→ **Exercise details**
Reproduce all the entries exactly and keep the pictures out.

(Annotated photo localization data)
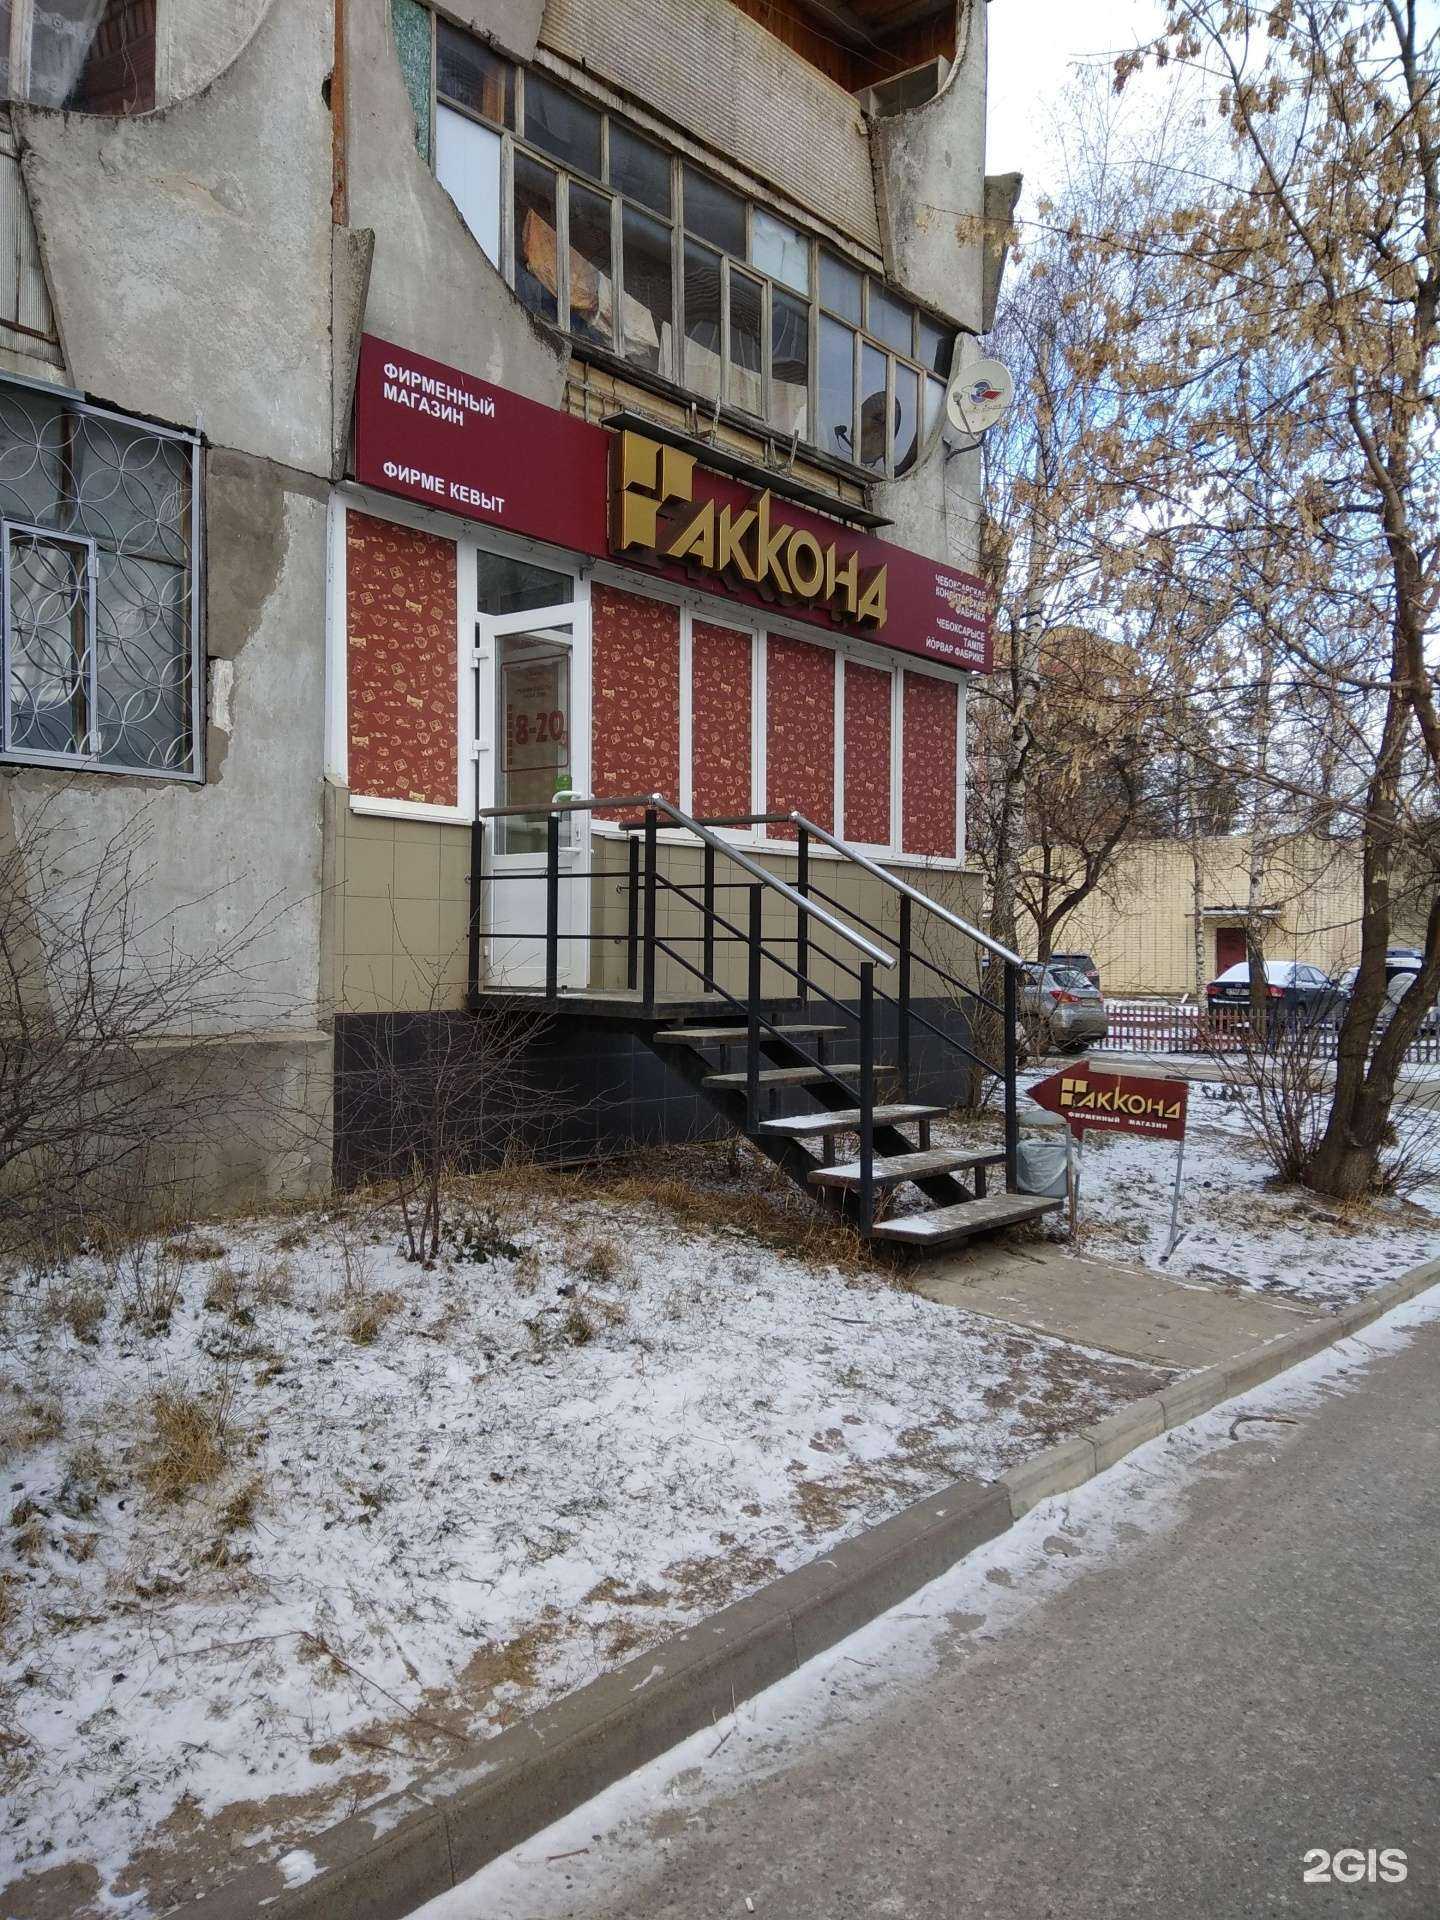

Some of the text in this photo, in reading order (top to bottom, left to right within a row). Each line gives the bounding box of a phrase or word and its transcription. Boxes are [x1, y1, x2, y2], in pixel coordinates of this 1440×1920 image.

[383, 362, 496, 419] ФИРМЕННЫЙ
[383, 382, 464, 426] МАГАЗИН
[383, 460, 505, 514] ФИРМЕ КЕВЫТ
[936, 617, 986, 642] ЧЕБОКСАРЫСЕ
[954, 646, 985, 664] ФАБРИКЕ
[1068, 1111, 1168, 1129] ФИРМЕННЫЙ МАГАЗИН
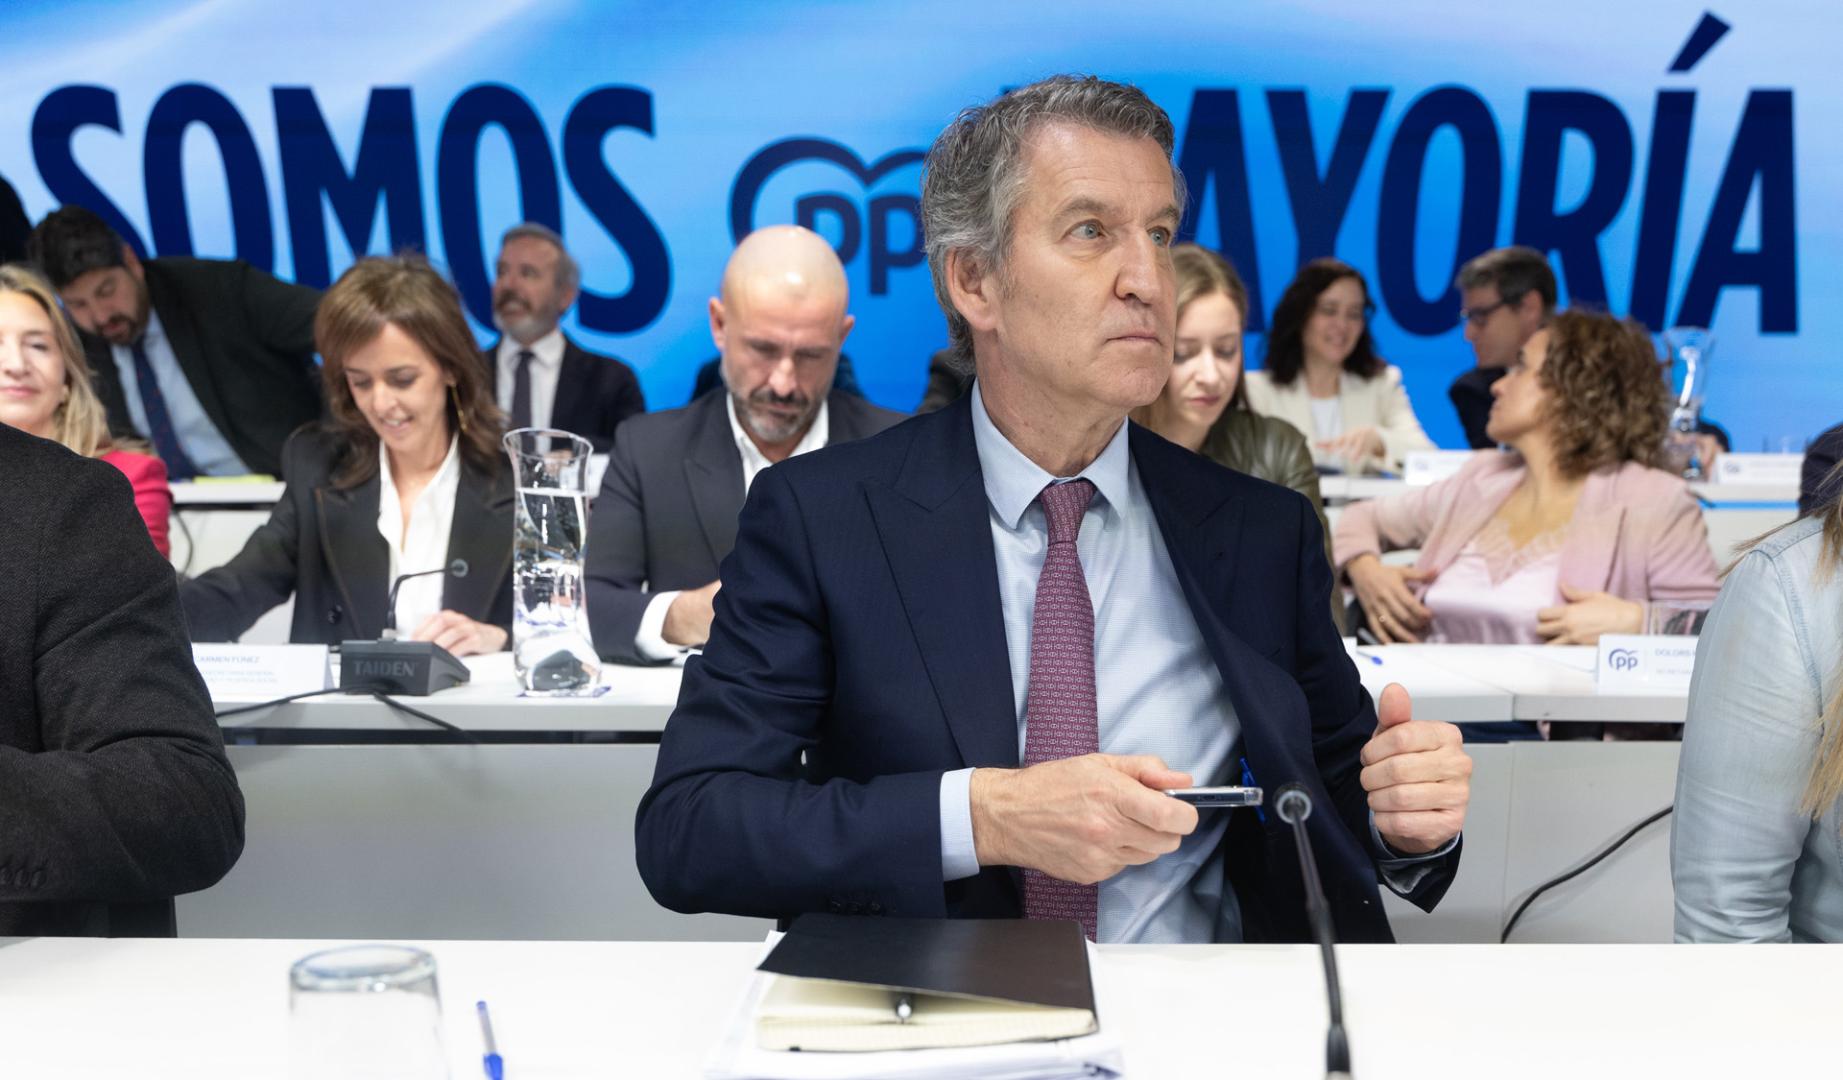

→ **Exercise response**
Some of the text in this photo, in reading order (top to bottom, left to right within a row). Each line gives the bounding box of a phrase or word and its transcription. Boxes are [x1, y1, x2, y2], in pixel coordinates of this 1440×1920 image.

[383, 362, 496, 419] ФИРМЕННЫЙ
[383, 382, 464, 426] МАГАЗИН
[383, 460, 505, 514] ФИРМЕ КЕВЫТ
[936, 617, 986, 642] ЧЕБОКСАРЫСЕ
[954, 646, 985, 664] ФАБРИКЕ
[1068, 1111, 1168, 1129] ФИРМЕННЫЙ МАГАЗИН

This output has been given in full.